Multiple teams of elite hackers took part in the first Pwn2Own hacking event to focus solely on the automotive sector. The hackers gathered in Tokyo during the Automotive World conference with more than $1 million in bounty payments on offer. Tesla, being the first name most people think of when talking about electric vehicles, was successfully hacked twice by the same hackers, Team Synacktiv, who also won the overall competition and pocketed $450,000.
What Is The Pwn2Own Automotive Hacking Event?
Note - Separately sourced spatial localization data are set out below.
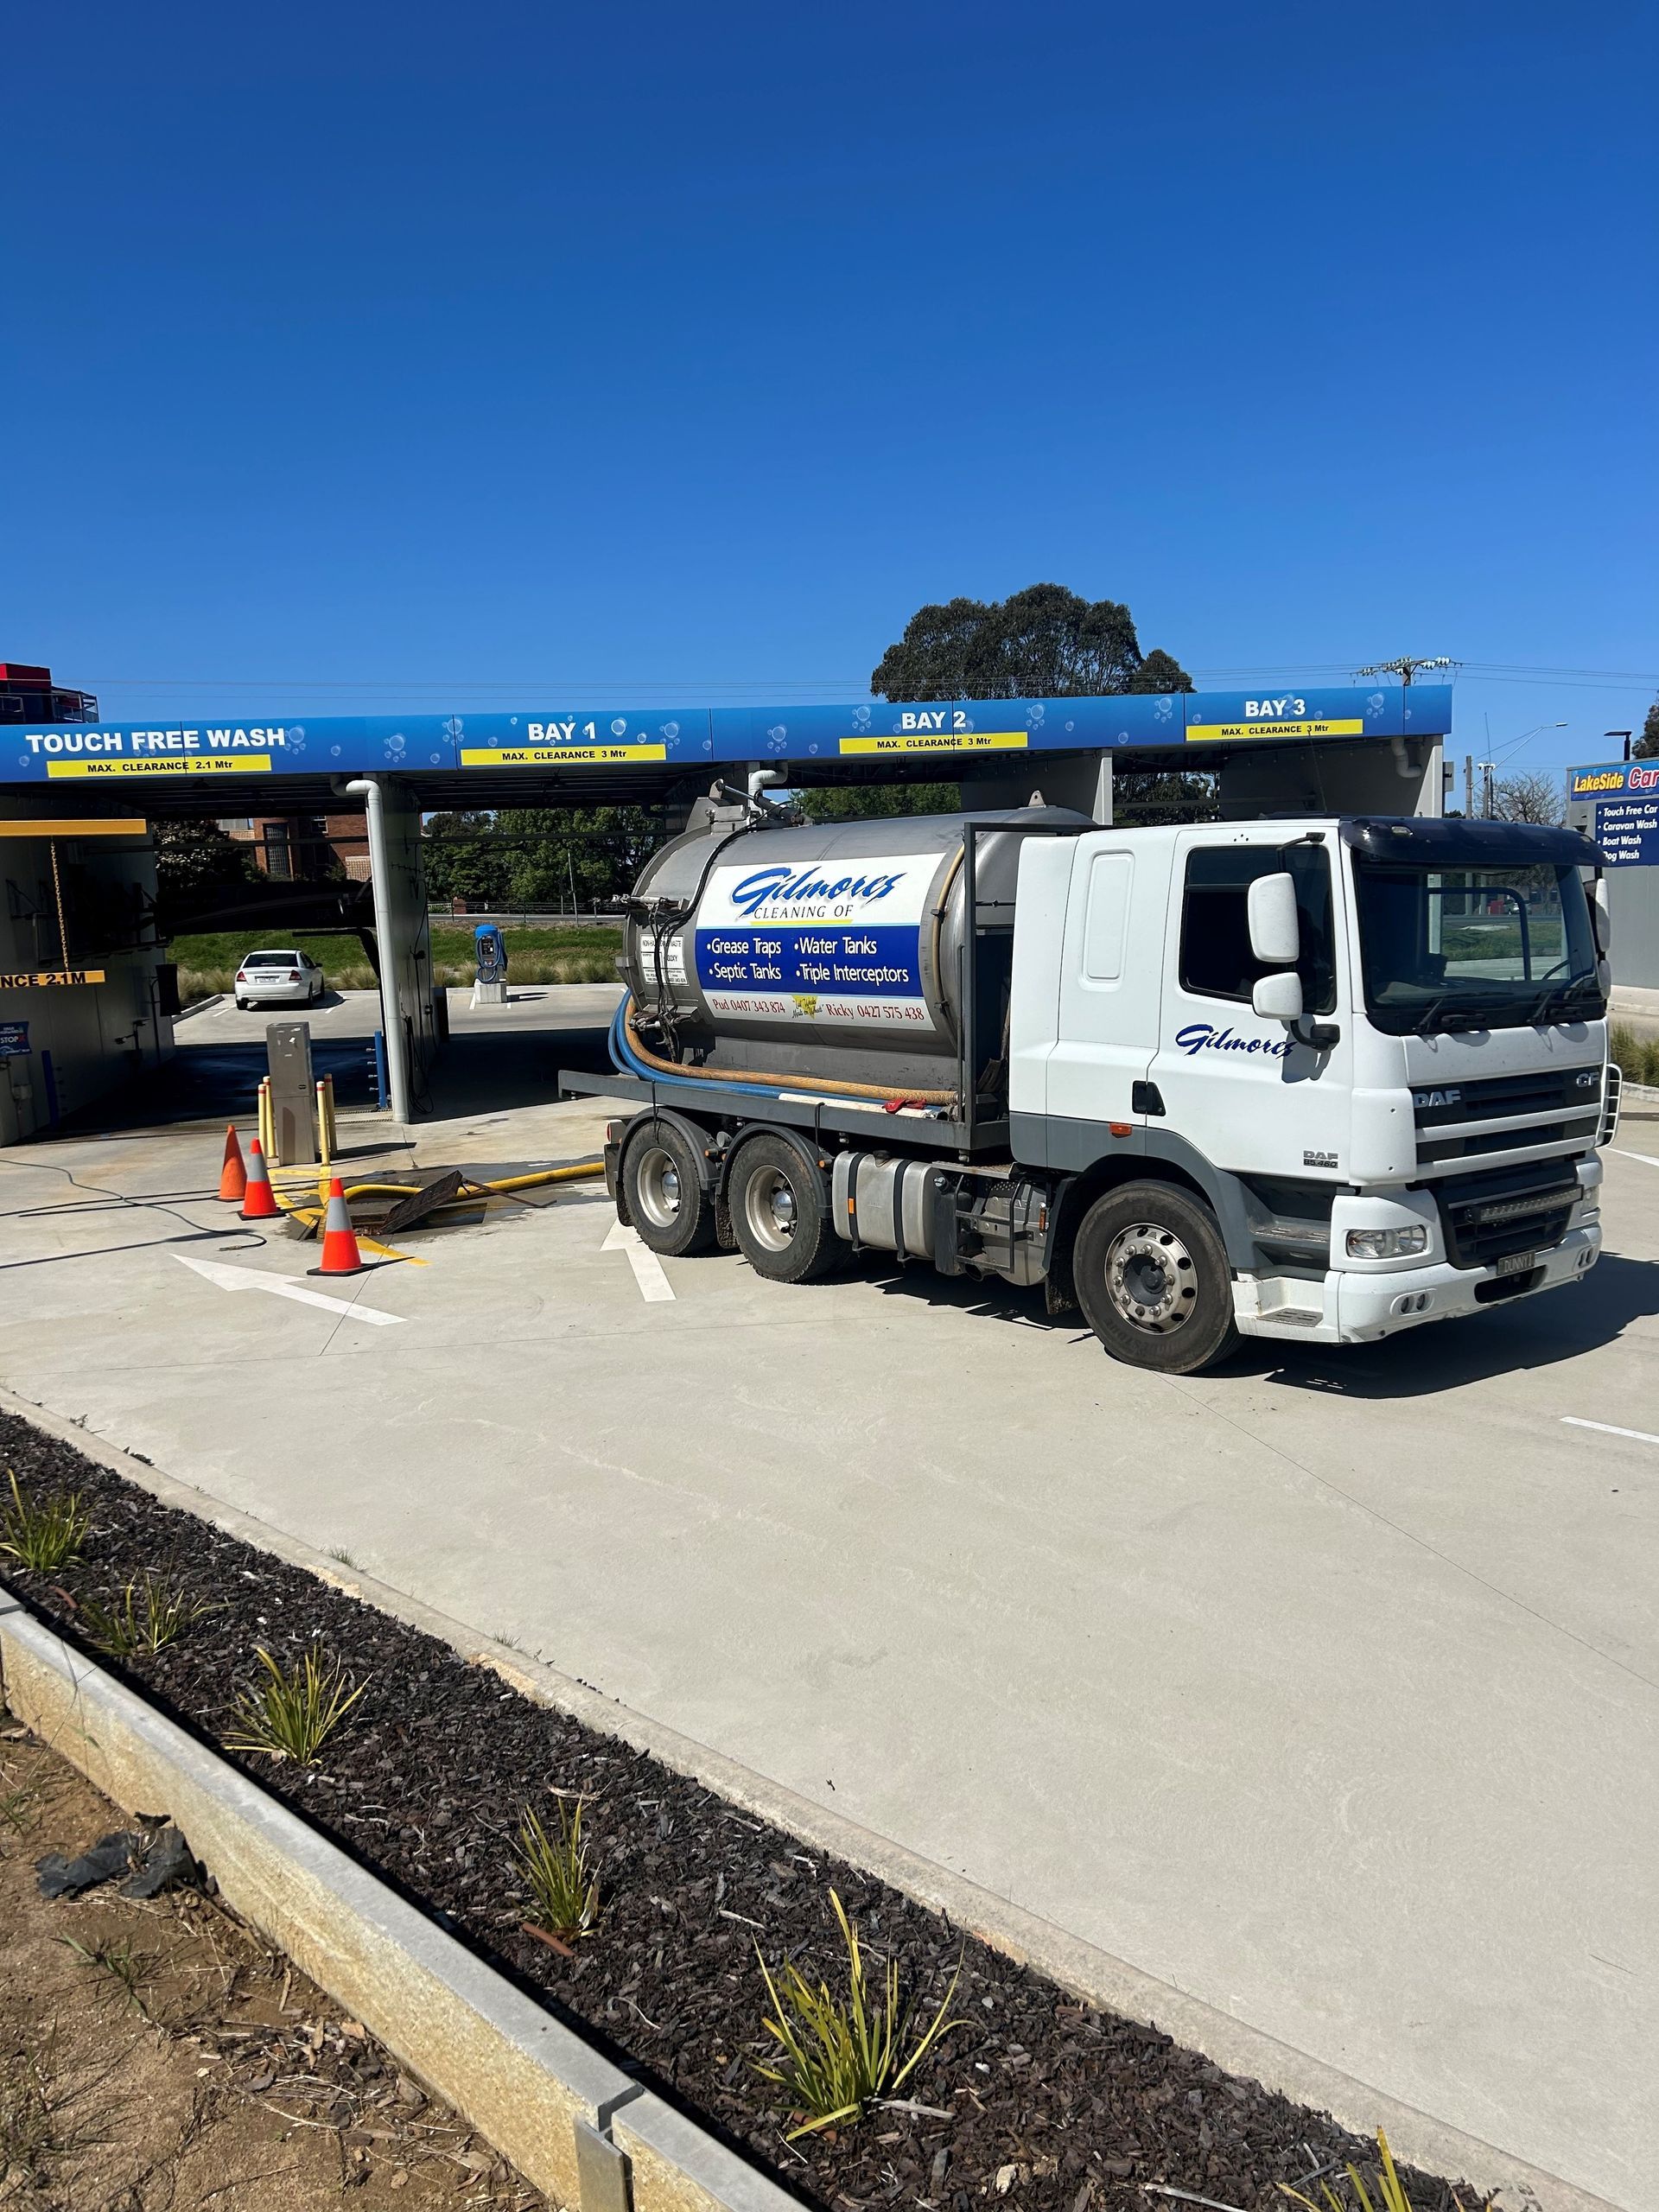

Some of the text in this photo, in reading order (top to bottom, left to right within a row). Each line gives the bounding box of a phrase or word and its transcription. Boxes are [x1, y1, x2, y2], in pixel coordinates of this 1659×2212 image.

[1245, 698, 1306, 717] BAY 3
[902, 710, 966, 729] BAY 2
[528, 722, 595, 741] BAY 1
[1249, 726, 1301, 734] CLEARANCE
[26, 728, 285, 753] TOUCH FREE WASH
[906, 739, 963, 747] CLEARANCE
[502, 752, 528, 760] MAX.
[534, 751, 595, 760] CLEARANCE
[87, 760, 233, 773] MAX. CLEARANCE 2.1 Mtr
[1573, 772, 1624, 792] LakeSide
[1604, 804, 1658, 817] Touch Free Car
[1604, 819, 1657, 830] Caravan Wash
[1603, 835, 1642, 846] Boat Wash
[1618, 849, 1640, 860] Wash
[732, 866, 907, 918] Gilmores
[753, 905, 854, 919] CLEANING OF
[711, 938, 781, 958] Grease Traps
[799, 936, 877, 955] Water Tanks
[714, 963, 782, 982] Septic Tanks
[799, 963, 909, 987] Triple Interceptors
[712, 999, 729, 1010] Pud
[730, 1000, 751, 1011] 0407
[752, 1001, 769, 1012] 343
[770, 1001, 785, 1013] 874
[825, 1003, 855, 1020] Ricky
[856, 1005, 881, 1018] 0427
[882, 1006, 903, 1019] 575
[905, 1007, 925, 1020] 438
[1175, 1024, 1298, 1059] Gilmores
[1414, 1090, 1461, 1108] DAF
[1304, 1150, 1338, 1160] DAF
The first-ever Pwn2Own Automotive event was organized by the Trend Micro Zero-Day Initiative, the same people behind the annual Pwn2Own hacking events we have reported on over the years here at Forbes. It shares a similar setup: some of the best hacking teams from across the globe take part to compete against pre-determined tech targets and each other, using previously unknown ‘zero-day’ exploits. In the case of Pwn2Own Automotive, electric vehicles and the systems and services that are associated with them were the only targets in the hacking crosshairs.
Tokyo Hackers Use 49 Zero-Days To Earn $1,323,750
These elite bounty-hunting hackers and security researchers are given stringent time limits in which they must successfully hack the specific target they are given. Success is rewarded by substantial cash payments through bounties for successfully demonstrating newly discovered, or zero-day, vulnerabilities and passing the technical details over to the vendor victim. They are also allocated points towards an overall Masters of Pwn leaderboard and the kudos attached to finishing atop it and being declared the Master of Pwn.
Overall, Pwn2Own Automotive 2024 awarded bounties worth an astonishing $1,323,750 for 49 unique zero-days successfully exploited across the event’s three days.
Tesla Hacked. Twice!
The Masters of Pwn (Automotive) 2024 title went to Team Synacktiv, which, among other things, hacked the Tesla Modem, exploiting a three-vulnerability chain to win $100,000 on day one and a two-vulnerability chain, compromising the Tesla Infotainment System on day two for another $100,000 in cash. I said, among other things, and those were compromises of:
- JuiceBox 40 Smart EV Charging Station ($60,000.)
- ChargePoint Home Flex ($16,000.)
- Ubiquiti Connect EV Station ($60,000.)
- Automotive Grade Linux ($35,000.)
- Sony XAV-AX5500 infotainment ($20,000.)
This makes the cash prizes won by Team Synacktiv a rather impressive $450,000.
The full results can be found detailed in the official ZDI Pwn2Own Automotive blog.
Hacking Is Not A Crime
How can all of these electric vehicle hacking shenanigans be a good thing? Well, every vulnerability these zero-day hackers exploit is immediately turned over to the vendor in question for them to fix the issue. Patches are then released before any technical information of merit is disclosed to the public to ensure less ethical actors cannot maliciously exploit the vulnerabilities. None of the zero-days are either sold or redistributed by ZDI.
I reached out to Tesla about the Pwn2Own Automotive results but a reply was not immediately available.